◆ WHAT IS NEEDED: Copy the listing exactly, leaving out every picture.
-- Opening Marker --
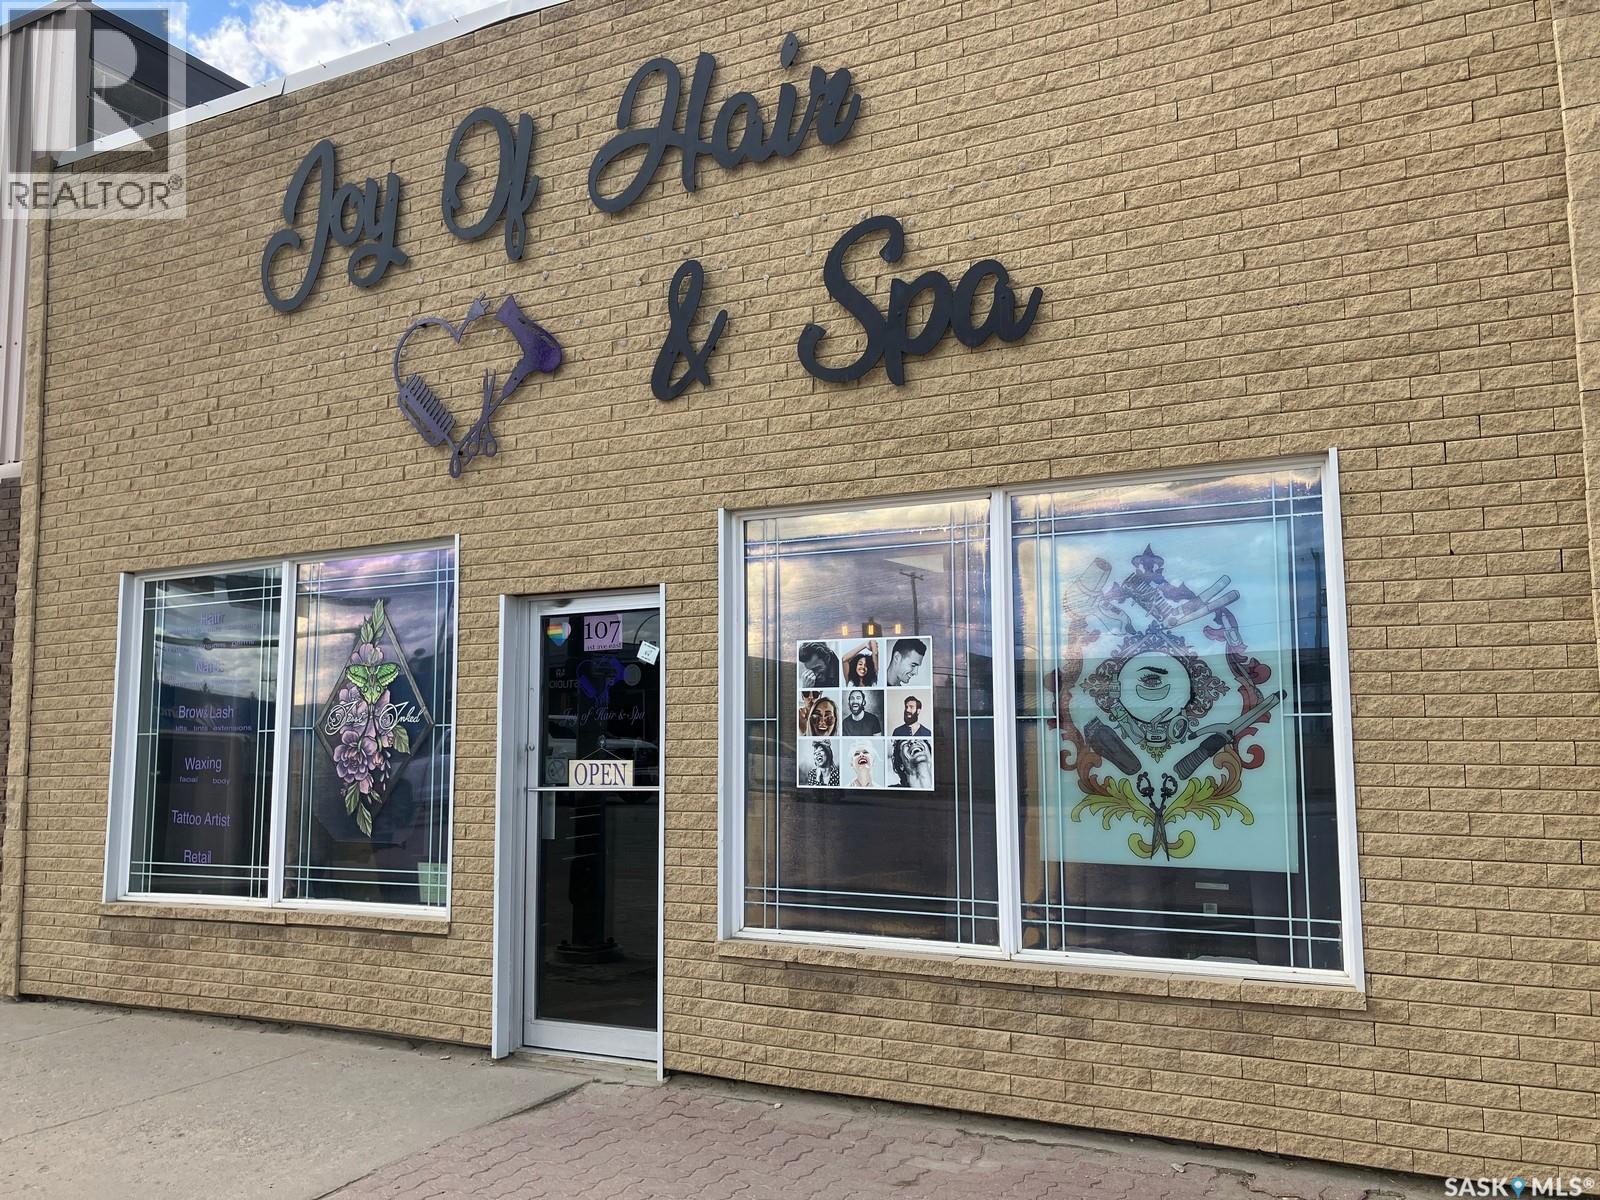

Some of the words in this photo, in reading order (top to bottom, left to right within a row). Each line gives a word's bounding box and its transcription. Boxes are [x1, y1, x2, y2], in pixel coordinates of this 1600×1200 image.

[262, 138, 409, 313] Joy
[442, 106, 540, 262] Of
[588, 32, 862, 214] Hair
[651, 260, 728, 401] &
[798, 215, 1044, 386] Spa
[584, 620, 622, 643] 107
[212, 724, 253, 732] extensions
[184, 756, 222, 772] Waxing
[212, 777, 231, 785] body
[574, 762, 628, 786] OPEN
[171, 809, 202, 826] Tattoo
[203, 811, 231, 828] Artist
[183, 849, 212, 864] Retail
-- Closing Marker --
◆ TASK RESPONSE:
Some of the words in this photo, in reading order (top to bottom, left to right within a row). Each line gives a word's bounding box and its transcription. Boxes are [x1, y1, x2, y2], in pixel coordinates of this 1600×1200 image.

[262, 138, 409, 313] Joy
[442, 106, 540, 262] Of
[588, 32, 862, 214] Hair
[651, 260, 728, 401] &
[798, 215, 1044, 386] Spa
[584, 620, 622, 643] 107
[212, 724, 253, 732] extensions
[184, 756, 222, 772] Waxing
[212, 777, 231, 785] body
[574, 762, 628, 786] OPEN
[171, 809, 202, 826] Tattoo
[203, 811, 231, 828] Artist
[183, 849, 212, 864] Retail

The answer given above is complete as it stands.